Support for Legalization of Marijuana Continues to Grow

In terms of the public's views about the general legalization of marijuana, 41% think the use of marijuana should be made legal while 52% don't think it should be legal. These findings are similar to a Gallup Survey conducted in October 2009 that found 44% saying the use of marijuana should be made legal and 54% saying it should not be legal. Support for legalizing marijuana is the highest it has been in 40 years of polling on this issue.
In 1969, only 12% said the use of marijuana should be made legal. Support grew to a peak of 30% in 1978, and then declined over the course of the 1980s to a low of 16% by 1987. Since that time, the proportion of Americans who think marijuana should be made legal has been steadily increasing, to 31% in 2000 and 41% today.


Young People, Liberals Most Likely to Support Legalization

There are substantial demographic differences in opinions about the legalization of marijuana. A majority (58%) of those younger than 30 think that the use of marijuana should be made legal. That compares with 42% of those ages 30 to 49, 40% of those 50 to 64, and just 22% of those 65 and older.
While men are evenly divided over whether the use of marijuana should be legal (45% yes, 47% no), most women (57%) oppose legalization.
Fully 71% of Republicans -- including 77% of conservative Republicans -- oppose the legalization or marijuana. By contrast, Democrats are evenly divided, with a majority of liberal Democrats (57%) in favor of legalizing the use of marijuana. About half of independents (49%) favor legalizing the use of marijuana while 44% are opposed.
People living in states where medical marijuana laws already have been passed are more likely than those living in other states to support a more general legalization of marijuana (48% vs. 39%). Those who have tried marijuana are more than twice as likely as those who have not to favor legalization (64% vs. 25%).

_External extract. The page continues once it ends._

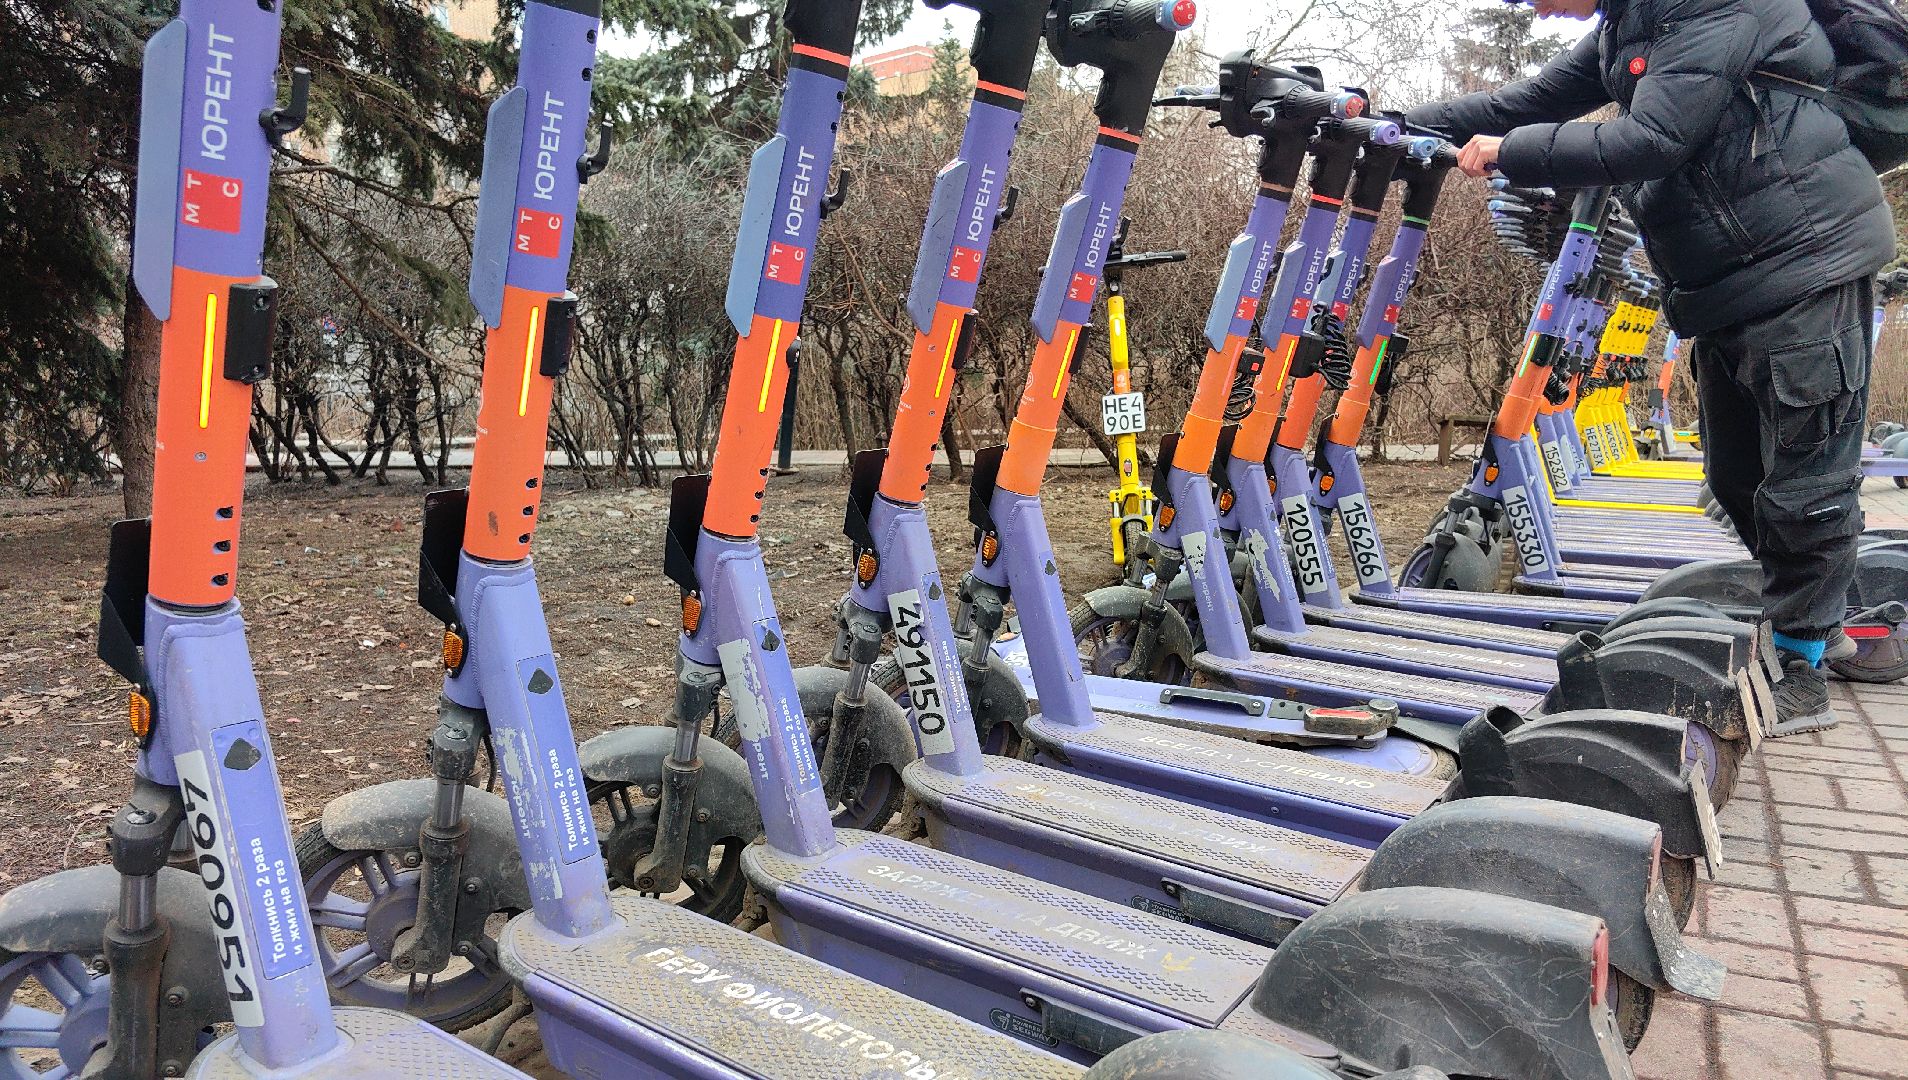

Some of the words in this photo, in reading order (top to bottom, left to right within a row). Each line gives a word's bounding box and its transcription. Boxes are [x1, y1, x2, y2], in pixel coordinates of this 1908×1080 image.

Increased Support for Legalization Among Democrats and Independents

Although independents and Democrats have generally been more likely than Republicans to support legalization of marijuana over the past 40 years, the partisan gap on this issue has increased substantially since 2000. Democrats and independents are far more likely to say that marijuana should be made legal than they were 10 years ago while the views of Republicans are virtually unchanged.
Nearly half of Democrats (48%) and independents (49%) now support the legalization of marijuana. In 2000, 29% of Democrats and 35% of independents said the use of marijuana should be made legal. By comparison, 24% of Republicans support legalization now, similar to the 26% who favored this a decade ago.

Who Has Tried Marijuana?

Four-in-ten Americans say they have ever tried marijuana while 58% have not. Men are more likely than women to have tried marijuana -- nearly half (48%) of men have tried marijuana compared with only 31% of women.
There also are substantial age differences. About half (49%) of young people admit to having tried marijuana, as do 47% of those ages 30 to 49 and 42% of those ages 50 to 64. By comparison, only 11% of people age 65 and older say they have ever tried marijuana.
Fewer Republicans than Democrats and independents say they have ever tried marijuana. About a third (32%) of Republicans admit to having tried marijuana compared with 41% of Democrats and 44% of independents. Conservative Republicans are the least likely to report having tried marijuana (26%), compared with at least four-in-ten in all other partisan and ideological groups.